(Material for this exercise Opens)

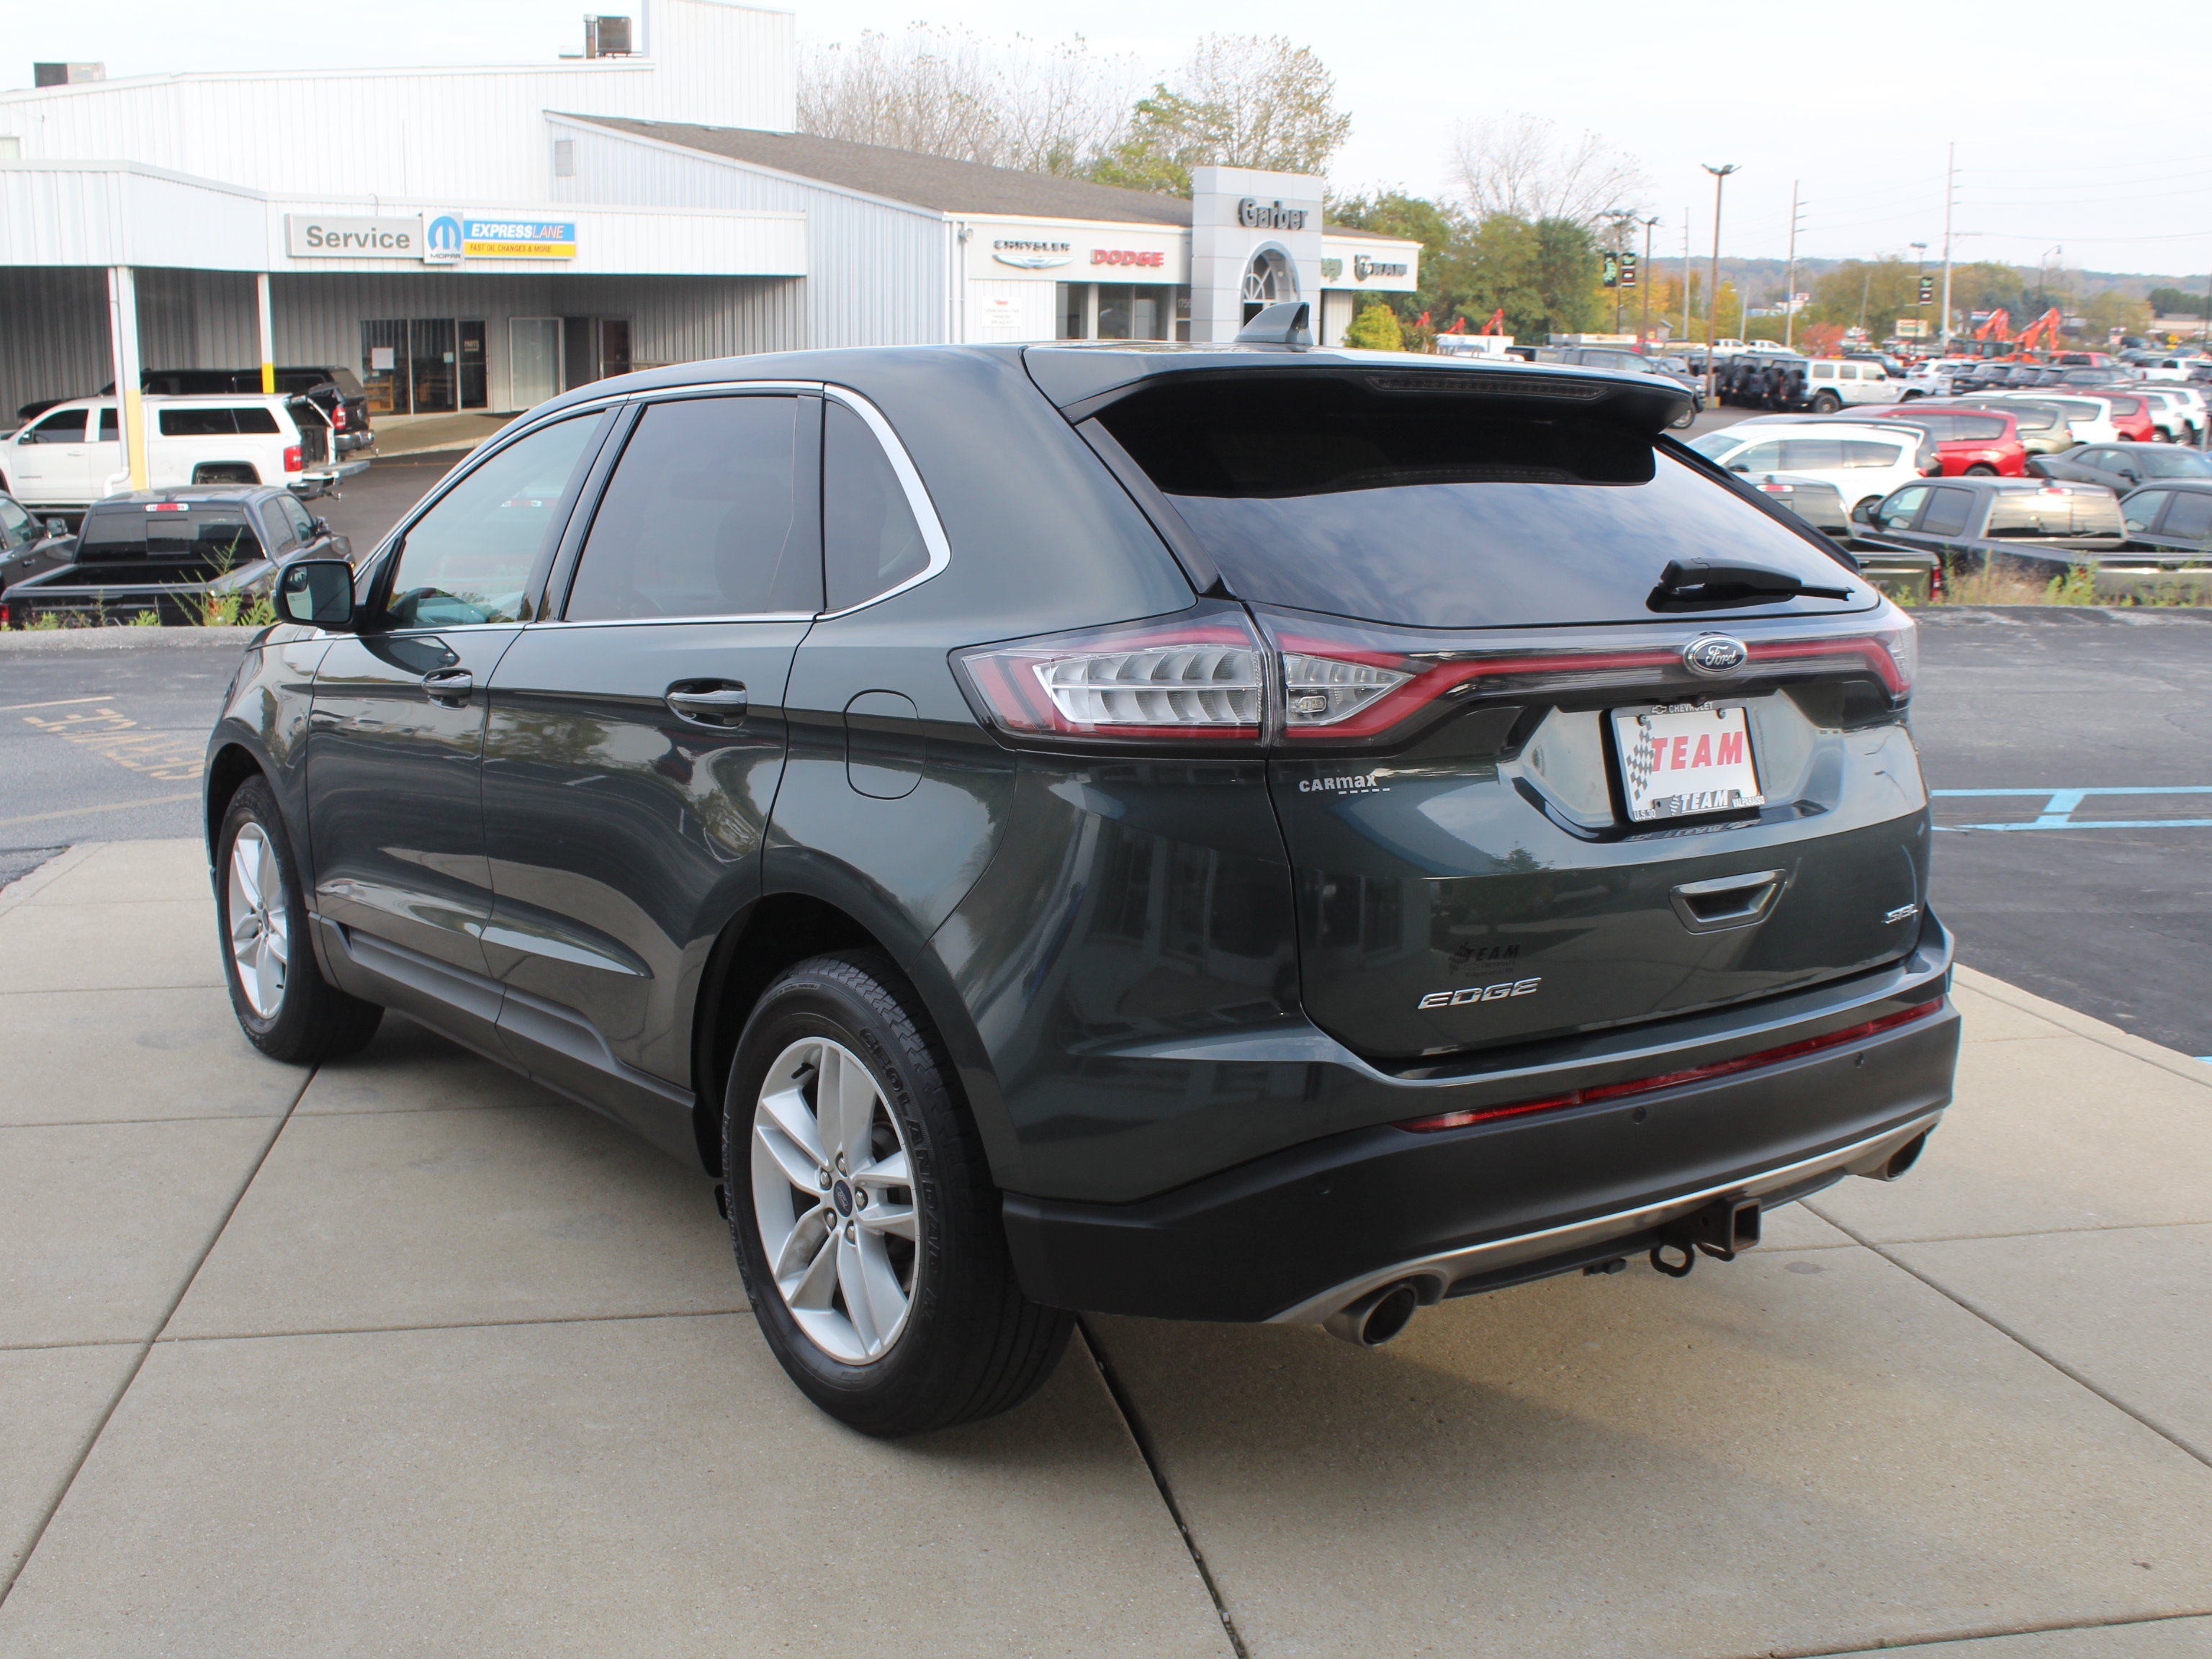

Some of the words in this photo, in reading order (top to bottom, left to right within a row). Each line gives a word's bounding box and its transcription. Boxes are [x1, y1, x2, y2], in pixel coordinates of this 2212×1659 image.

[1238, 197, 1308, 230] Garber
[306, 225, 410, 249] Service
[994, 240, 1071, 251] CHRYSLER
[1090, 249, 1164, 267] DODGE
[1370, 263, 1408, 276] RAM
[1705, 645, 1737, 666] Ford
[1652, 731, 1743, 772] TEAM
[1681, 790, 1729, 812] TEAM
[1882, 903, 1919, 924] SEL
[1465, 944, 1521, 962] TEAM
[1418, 976, 1542, 1010] EDGE

(Material for this exercise Closes)

_What is being asked_
Wherever a picture appears in the material above, skip it and copy the rest without change.

_Solution to this problem_
Some of the words in this photo, in reading order (top to bottom, left to right within a row). Each line gives a word's bounding box and its transcription. Boxes are [x1, y1, x2, y2], in pixel coordinates of this 2212×1659 image.

[1238, 197, 1308, 230] Garber
[306, 225, 410, 249] Service
[994, 240, 1071, 251] CHRYSLER
[1090, 249, 1164, 267] DODGE
[1370, 263, 1408, 276] RAM
[1705, 645, 1737, 666] Ford
[1652, 731, 1743, 772] TEAM
[1681, 790, 1729, 812] TEAM
[1882, 903, 1919, 924] SEL
[1465, 944, 1521, 962] TEAM
[1418, 976, 1542, 1010] EDGE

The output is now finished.